When you want to store, index and search MBs of text inside of RavenDB
A scenario came up from a user that was quite interesting to explore.
Let’s us assume that we want to put the Gutenberg Project inside of RavenDB. An initial attempt for doing that would look like this:
I’m skipping a lot of the details, but the most important field here is the Content field. That contains the actual text of the book.
On last count, however, the size of the book was around 708KB. When storing that as a single field inside of RavenDB, on the other hand, RavenDB will notice that this is a long field and compress it. Here is what this looks like:
The 738.55 KB is the size of the actual JSON, the 674.11 KB is after quick compression cycle and the 312KB is the actual size that this takes on disk. RavenDB is actively trying to help us.
But let’s take the next step, we want to allow us to query, using full text search, on the content of the book. Here is what this will look like:
Everything works, which is great. But what is going on behind the scenes?
Even a single text field that is large (100s of KB or many MB) puts a unique strain on RavenDB. We need to manage that as a single unit, it significantly bloats the size of the parent document and make it more expensive to work with.
This is interesting because usually, we don’t actually work all that much with the field in question. In the case of the Pride and Prejudice book, the content is immutable and not really relevant for the day to day work with the document. We are better off moving this elsewhere.
An attachment is a natural way to handle this. We can move the content of the book to an attachment. In this way, the text is retained, we can still work and process that, but it is sitting on the side, not making our life harder on each interaction with the document.
Here is what this looks like, note that the size of the document is tiny. Operations on that size would be much faster than a multi MB document:
Of course, there is a disadvantage here, how can we index the book’s contents now? We still want that. RavenDB support that scenario explicitly, let’s define an index to do just that:
You can see that I’m loading the content attachment and then accessing its content as string, using UTF8 as the encoding mechanism. I tell RavenDB to use full text search on this field, and I’m off to the races.
Of course, we could stop here, but why? We can do even better. When working with large text fields, an index such as the one above will force us to materialize the entire field as a single value. For very large values, that can put a lot of pressure in terms of memory usage.
But RavenDB supports more than that. Instead of processing a very large string in one shot, we can do that in an incremental fashion, avoiding big value materialization and the memory pressure associated with that. Here is what you can write:
That tells RavenDB that we should process the field in a streaming fashion.
Here is why it matters:
Value Materialized | Streaming Value |
When we are working on a document that has a < 1 MB attachment, it probably doesn’t matter all that much (although using 25% of the memory is nice), but it matters a lot more when you are working with larger texts.

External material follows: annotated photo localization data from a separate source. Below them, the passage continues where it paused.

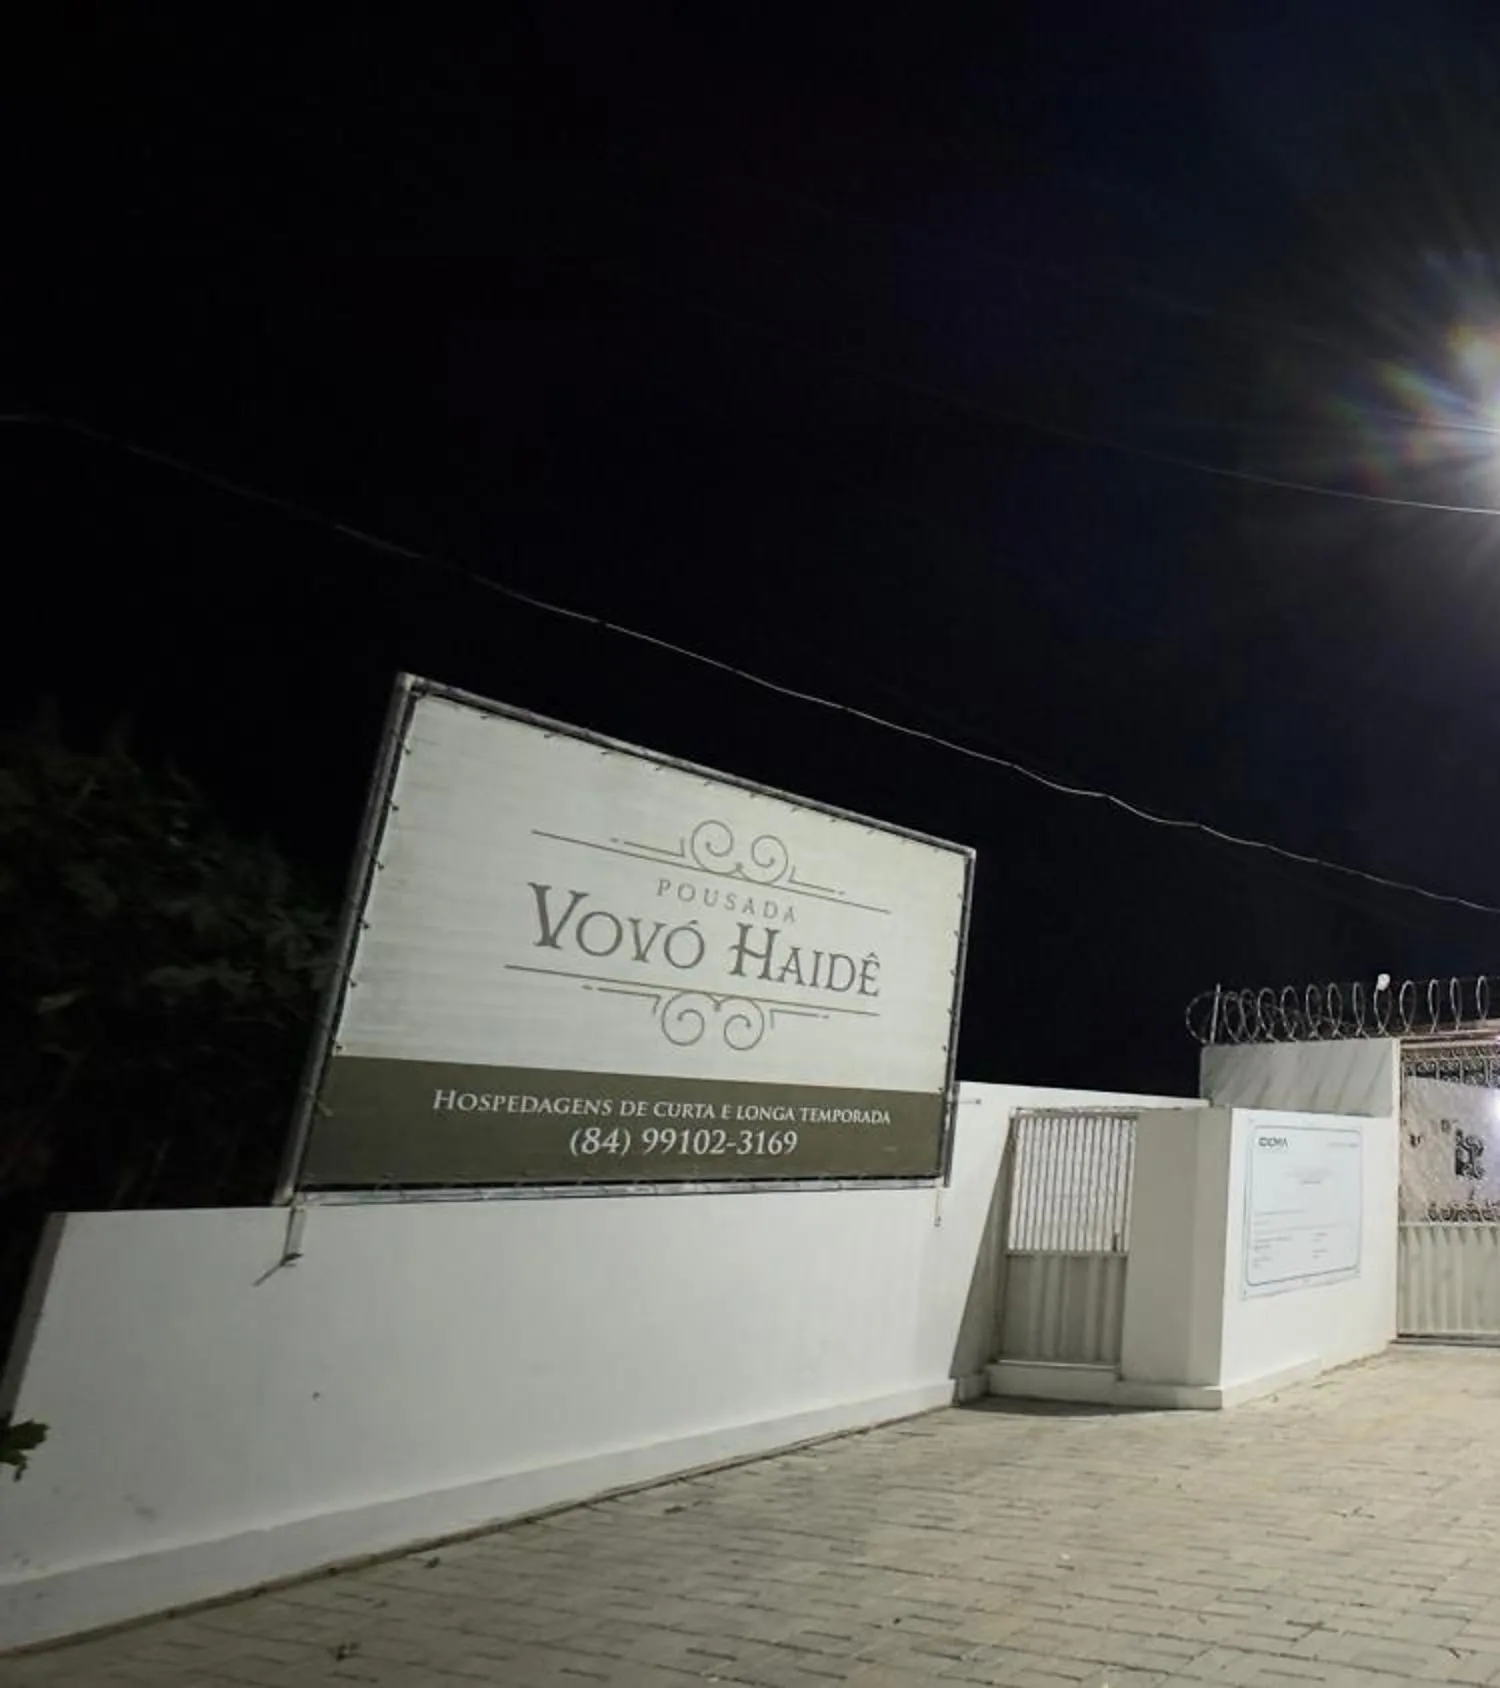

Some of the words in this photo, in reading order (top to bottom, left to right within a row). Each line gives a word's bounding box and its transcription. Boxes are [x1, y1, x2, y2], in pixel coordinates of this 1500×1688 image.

[656, 878, 797, 924] POUSADA
[528, 881, 705, 969] VOVÓ
[729, 921, 881, 997] HAIDÊ
[432, 1088, 612, 1117] HOSPEDAGENS
[619, 1100, 647, 1117] DE
[653, 1101, 716, 1120] CURTA
[720, 1106, 731, 1120] E
[735, 1106, 796, 1122] LONGA
[799, 1108, 891, 1125] TEMPORADA
[569, 1127, 632, 1156] (84)
[641, 1127, 799, 1156] 99102-3169
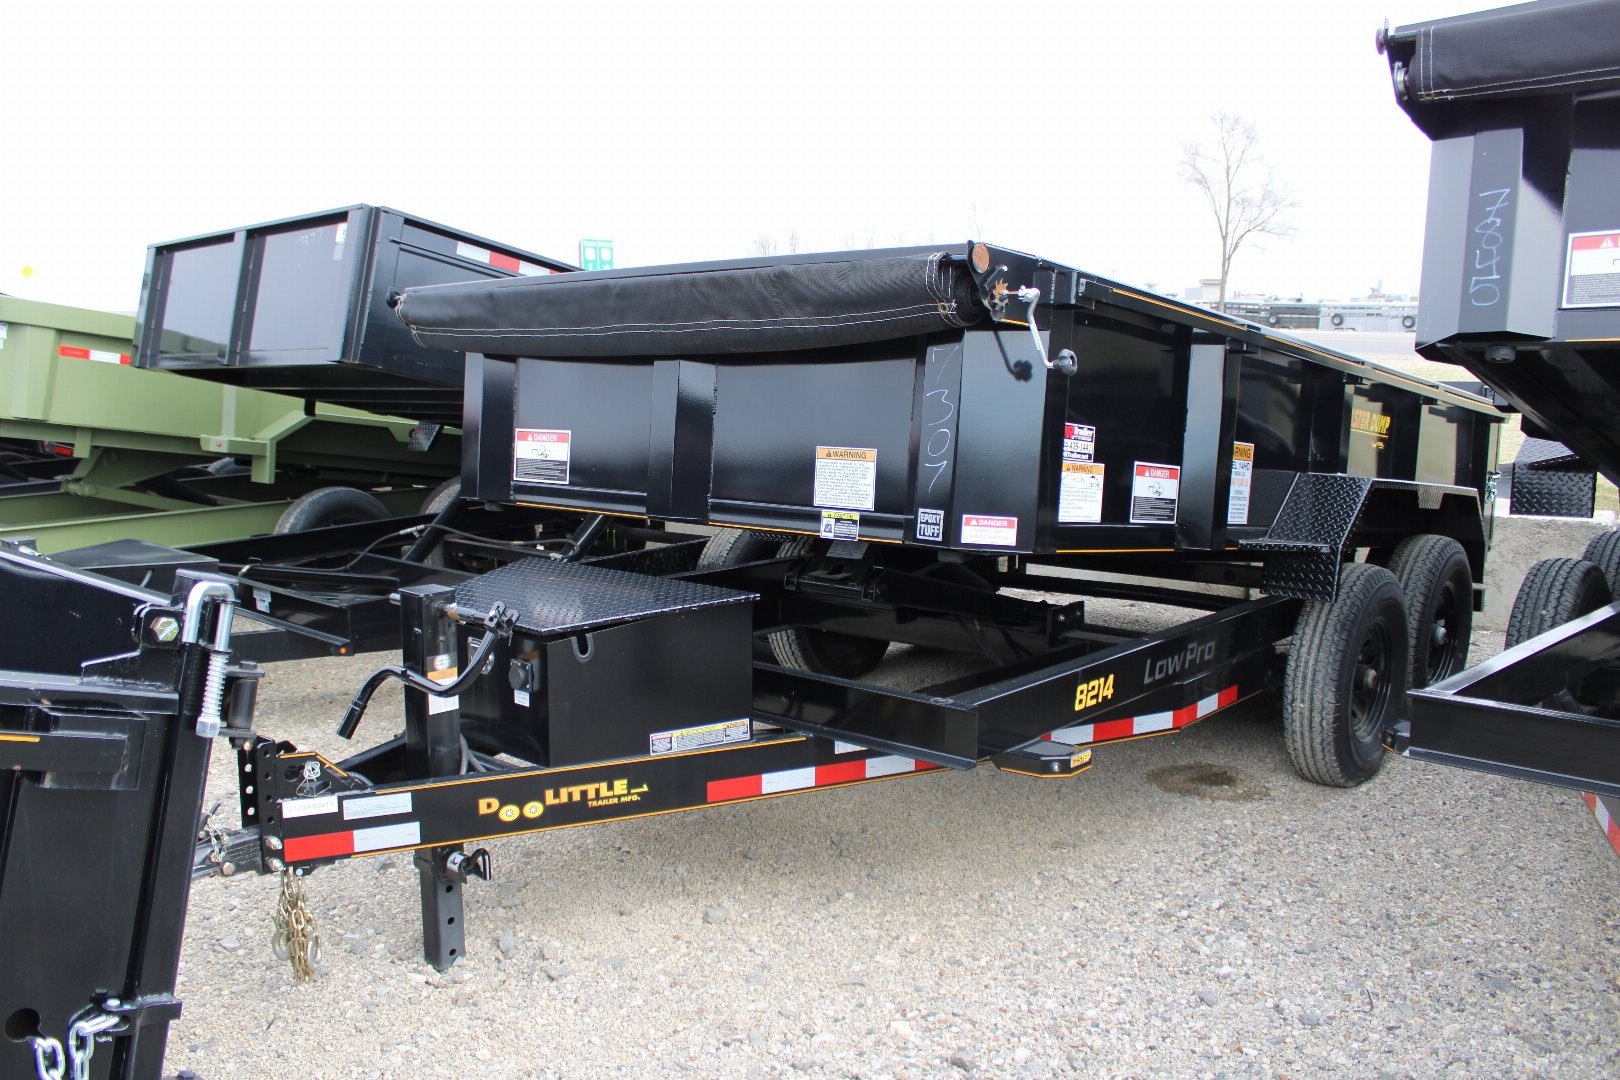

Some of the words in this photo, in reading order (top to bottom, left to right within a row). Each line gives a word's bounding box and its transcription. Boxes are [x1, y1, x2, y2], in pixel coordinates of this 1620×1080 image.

[534, 433, 558, 442] DANGER
[833, 450, 867, 460] WARNING
[1071, 464, 1094, 473] WARNING
[1150, 469, 1170, 478] DANGER
[920, 512, 941, 524] EPOXY
[978, 519, 1008, 527] DANGER
[920, 523, 940, 537] TUFF
[1074, 674, 1114, 712] 8214
[588, 796, 619, 808] TRAILER
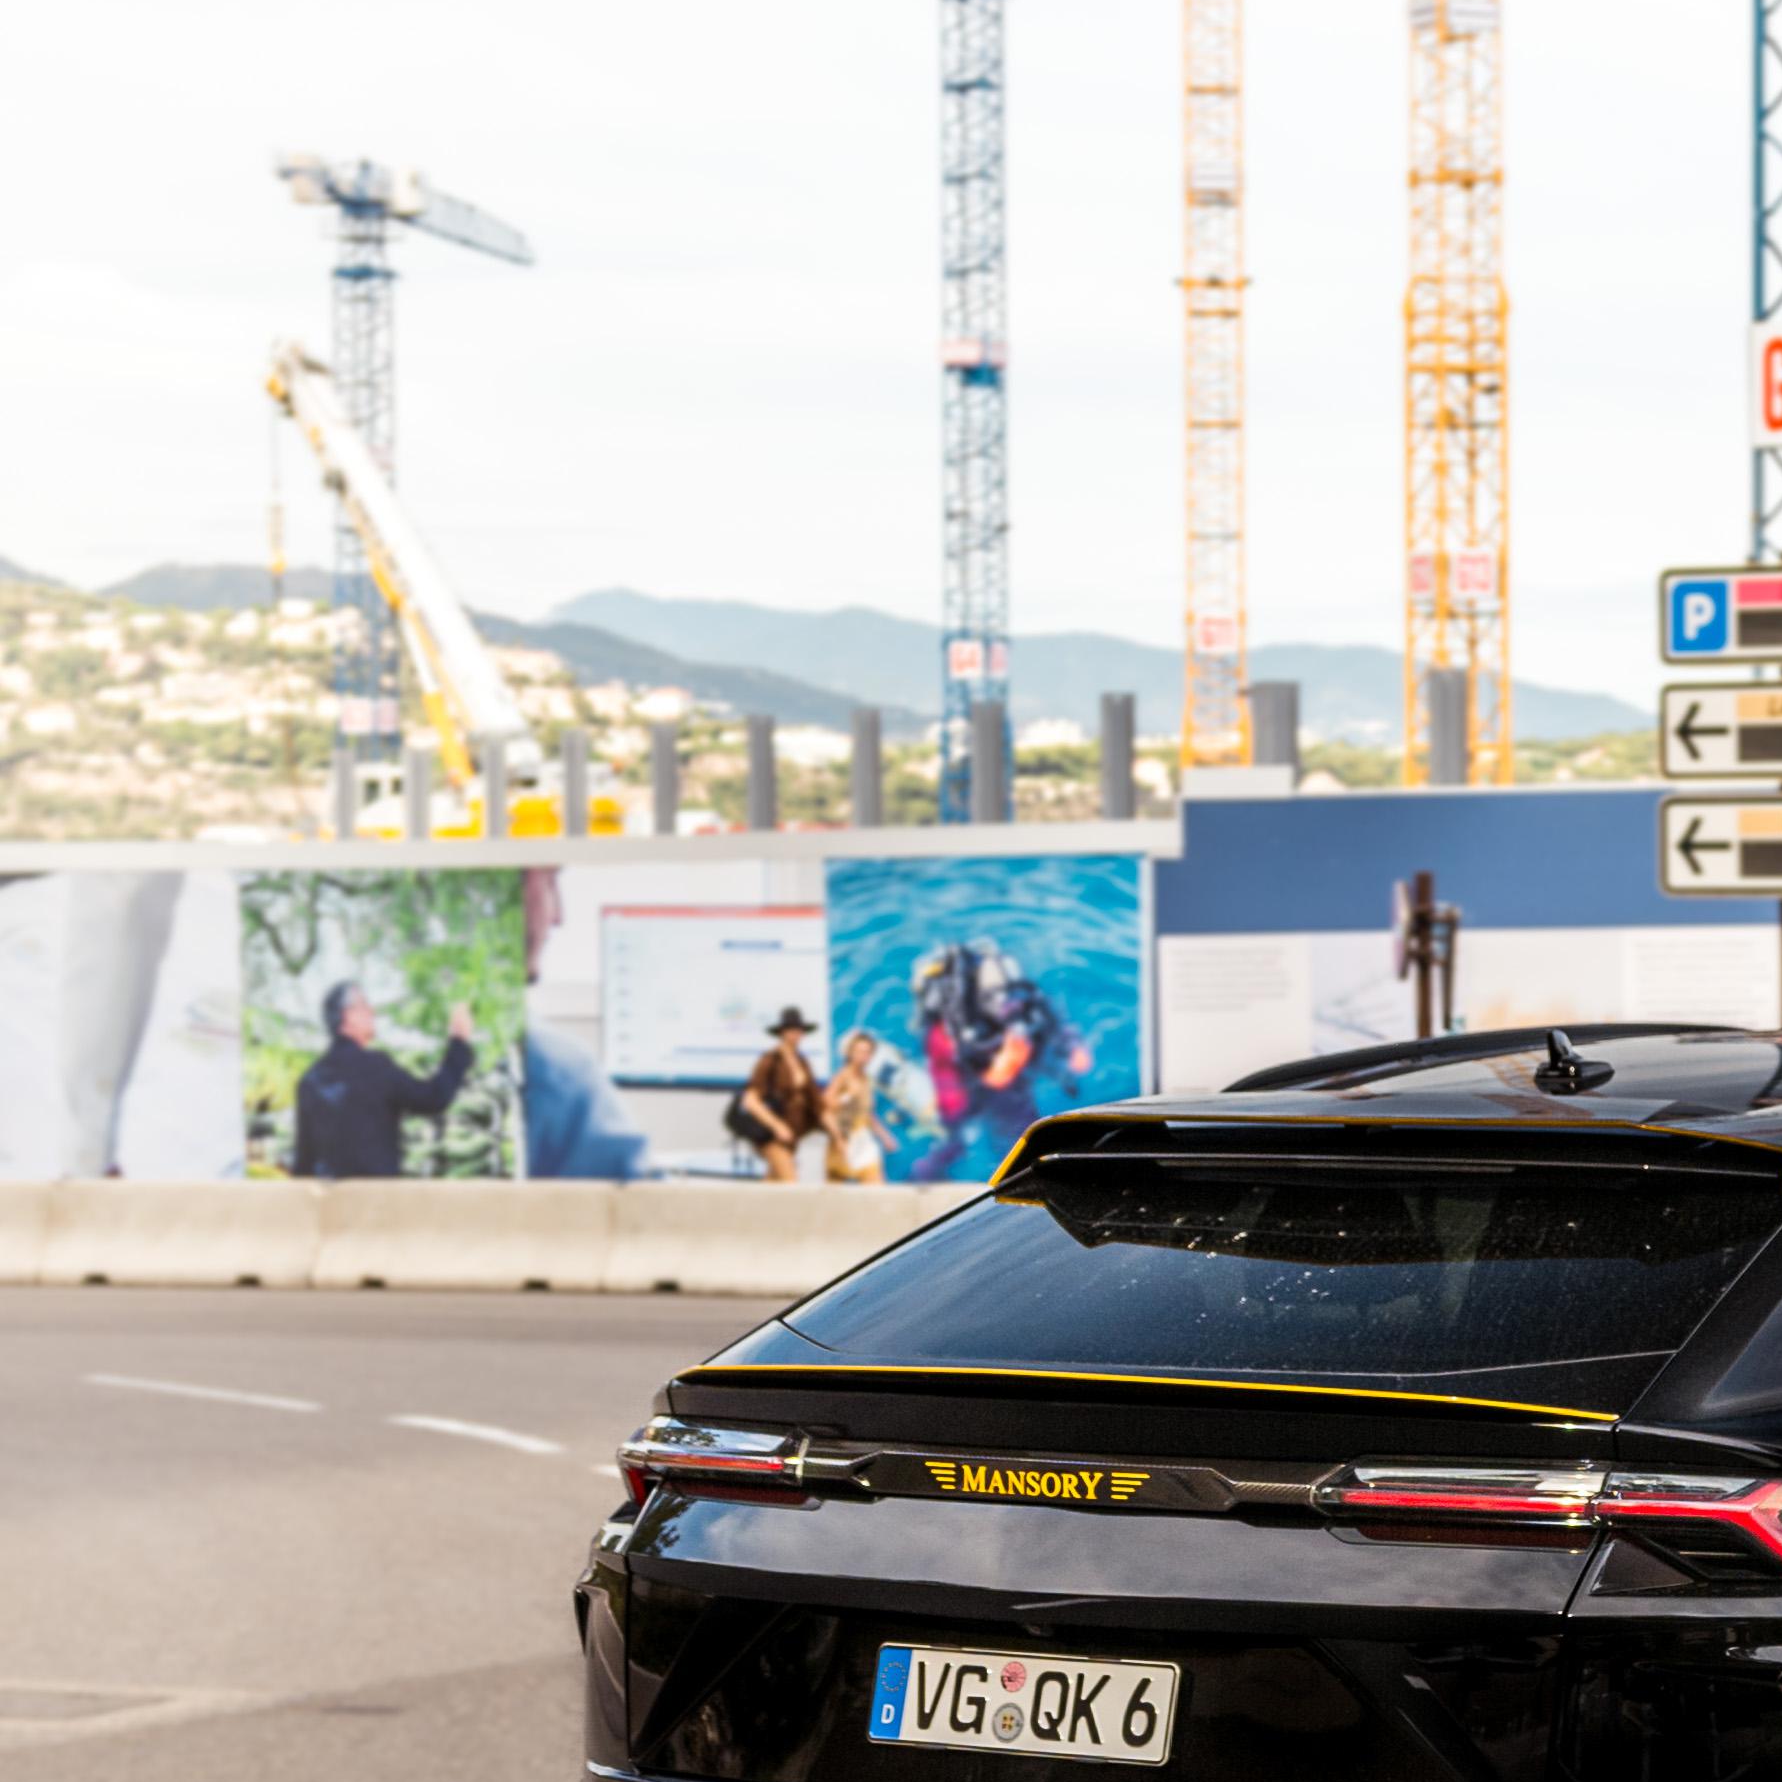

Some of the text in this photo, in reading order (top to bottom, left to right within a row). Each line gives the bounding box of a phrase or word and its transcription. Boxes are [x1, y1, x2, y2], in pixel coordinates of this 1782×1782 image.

[1683, 592, 1717, 641] P
[880, 1704, 896, 1725] D
[917, 1660, 1159, 1749] VG QK 6
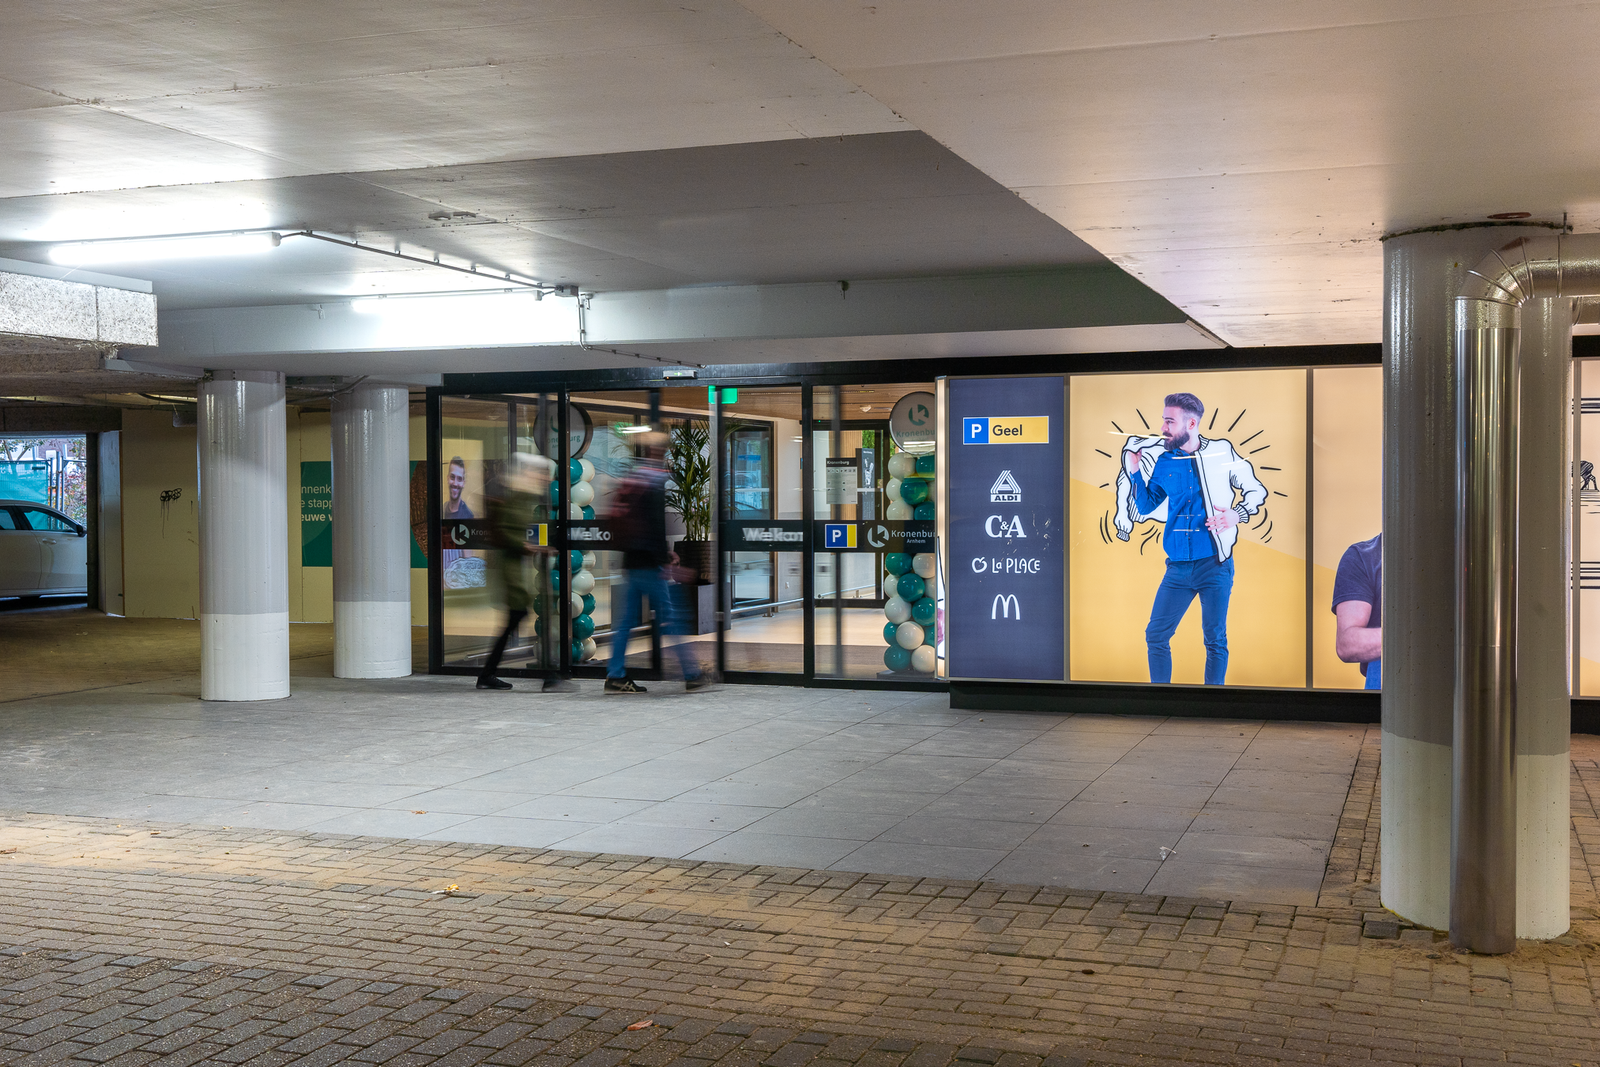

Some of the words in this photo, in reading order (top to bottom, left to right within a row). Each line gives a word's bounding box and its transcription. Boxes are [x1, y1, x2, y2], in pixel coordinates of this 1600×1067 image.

[971, 423, 982, 438] P
[992, 424, 1023, 436] Geel
[985, 515, 1027, 538] C&A
[832, 529, 842, 543] P
[1006, 558, 1041, 574] PLACE

We can take this one step further still! Instead of storing the attachment text as is, we can compress it, like so:
And then in the index, we’ll decompress on the fly:
Note that throughout all of that, the queries that you send are exactly the same, we are just taking 20% of the disk space and 25% of the memory that we used to.
Comments
Whats the difference between using {Content=...} vs {_=new Field("Content", ...} Are these basically the same?
David,
Basically, they are the same. We typically use the
Field
in the context of dynamic fields, so you have to specify the name, and I didn't want to have it there twice.I think it would be great to see something like:
select new { _ = new StreamedField("Content") }
instead of writing it all.
This is great. Perhaps in future attachments could have built-in compression as well?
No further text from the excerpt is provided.